Annotated photo localization data:
┄┄┄┄┄┄┄┄┄┄┄┄┄┄┄┄┄┄┄┄
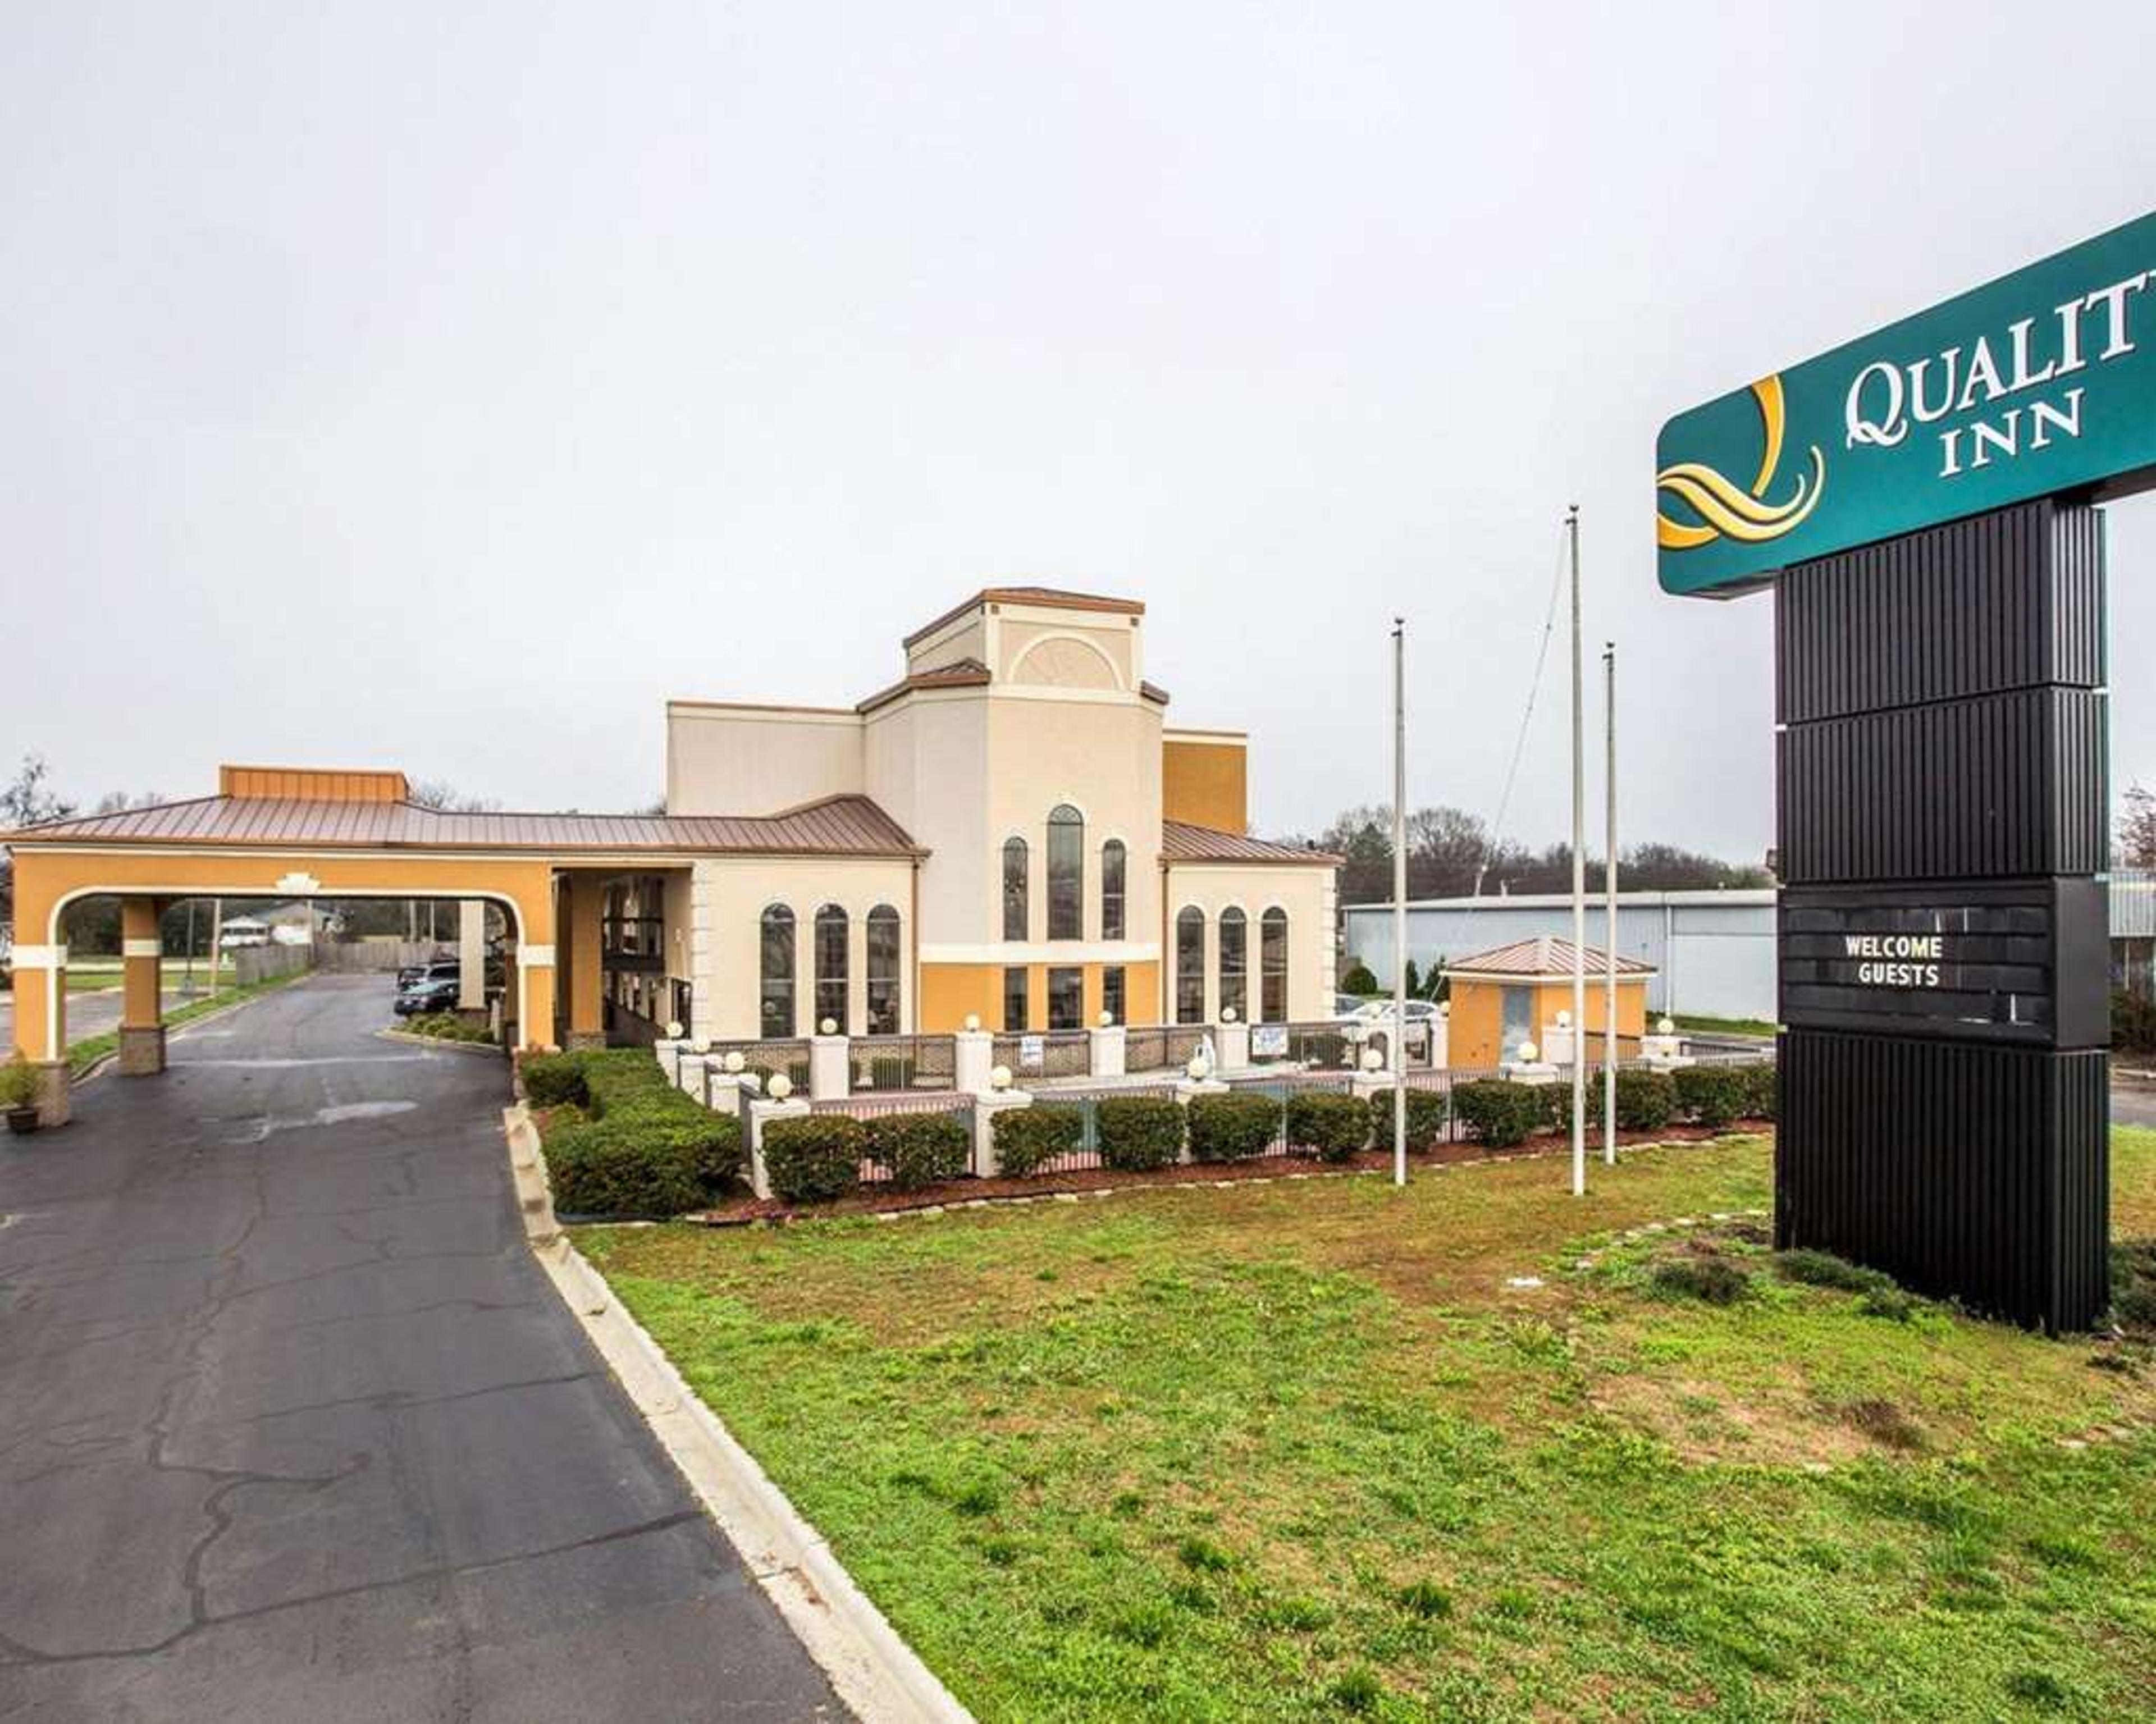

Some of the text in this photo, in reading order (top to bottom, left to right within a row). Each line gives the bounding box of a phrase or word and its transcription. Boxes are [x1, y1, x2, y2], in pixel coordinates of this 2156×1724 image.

[1846, 269, 2156, 449] QUALIT
[1939, 387, 2085, 477] INN
[1846, 934, 1943, 959] WELCOME
[1858, 962, 1939, 986] GUESTS
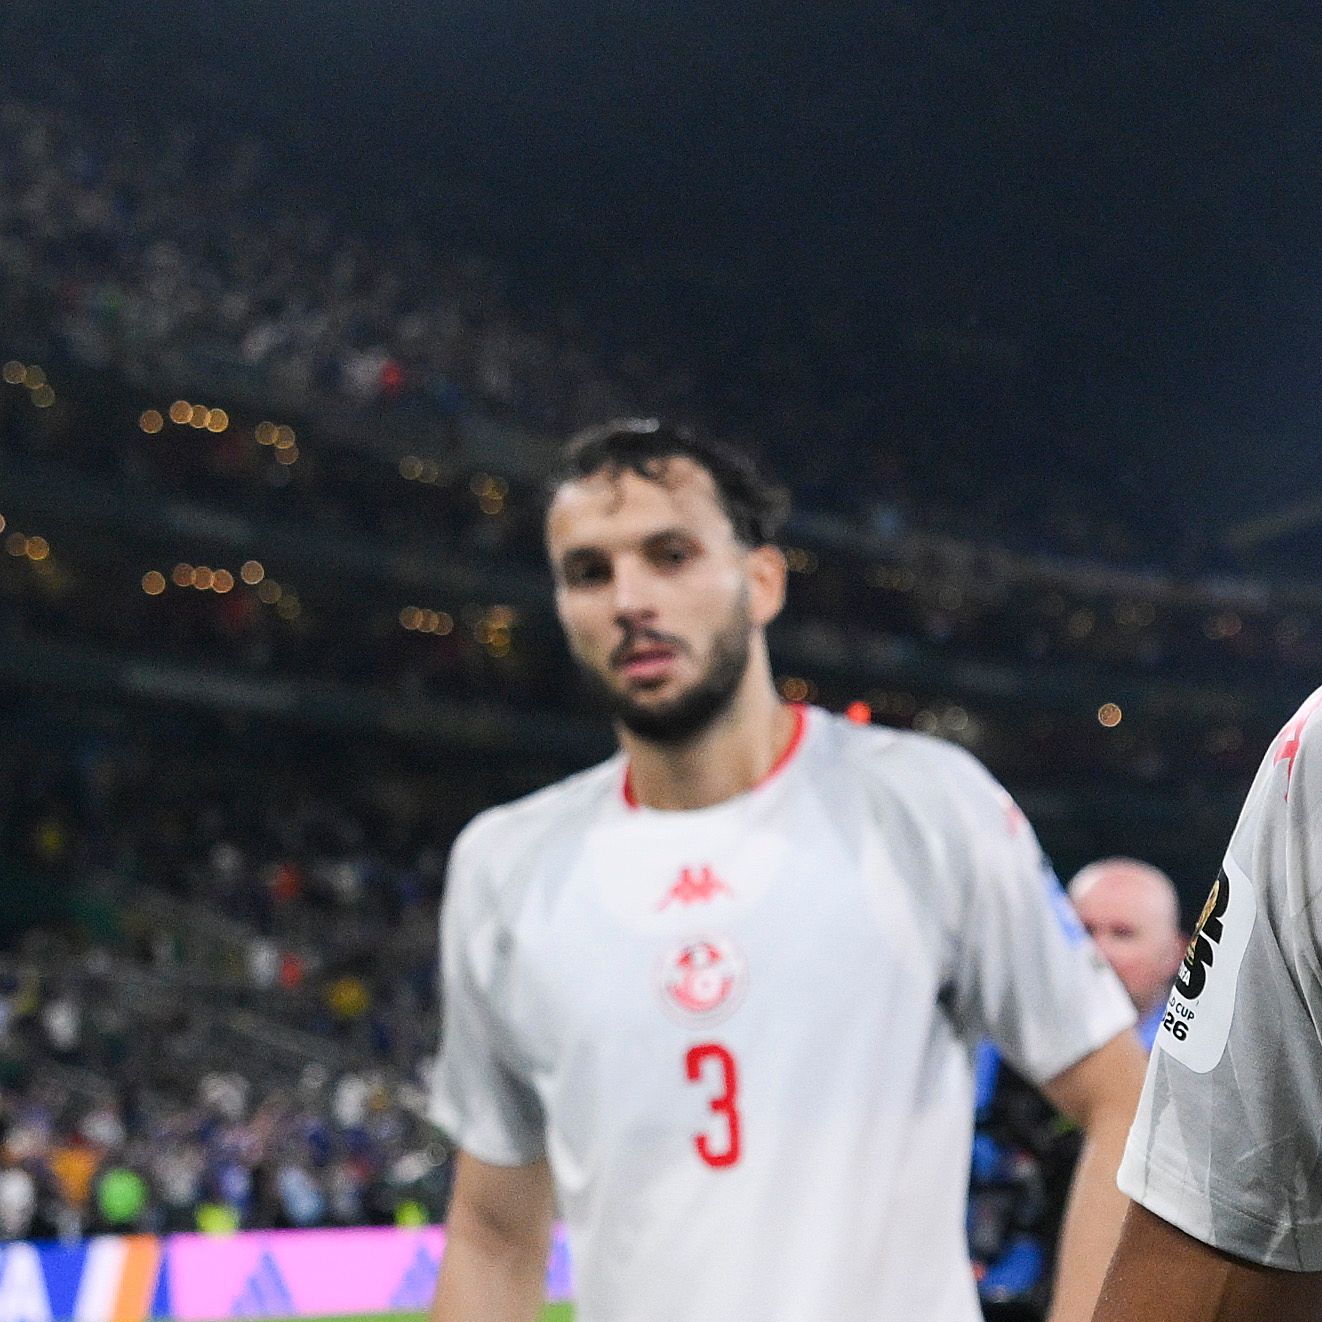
┄┄┄┄┄┄┄┄┄┄┄┄┄┄┄┄┄┄┄┄
# Task statement
The records above are to be repeated exactly, with every picture removed from the copy.

# Exercise result
Some of the text in this photo, in reading order (top to bottom, left to right within a row). Each line gives the bounding box of a phrase or word and its transcription. Boxes are [x1, y1, x2, y2], in pixel coordinates of this 2156×1724 image.

[1846, 269, 2156, 449] QUALIT
[1939, 387, 2085, 477] INN
[1846, 934, 1943, 959] WELCOME
[1858, 962, 1939, 986] GUESTS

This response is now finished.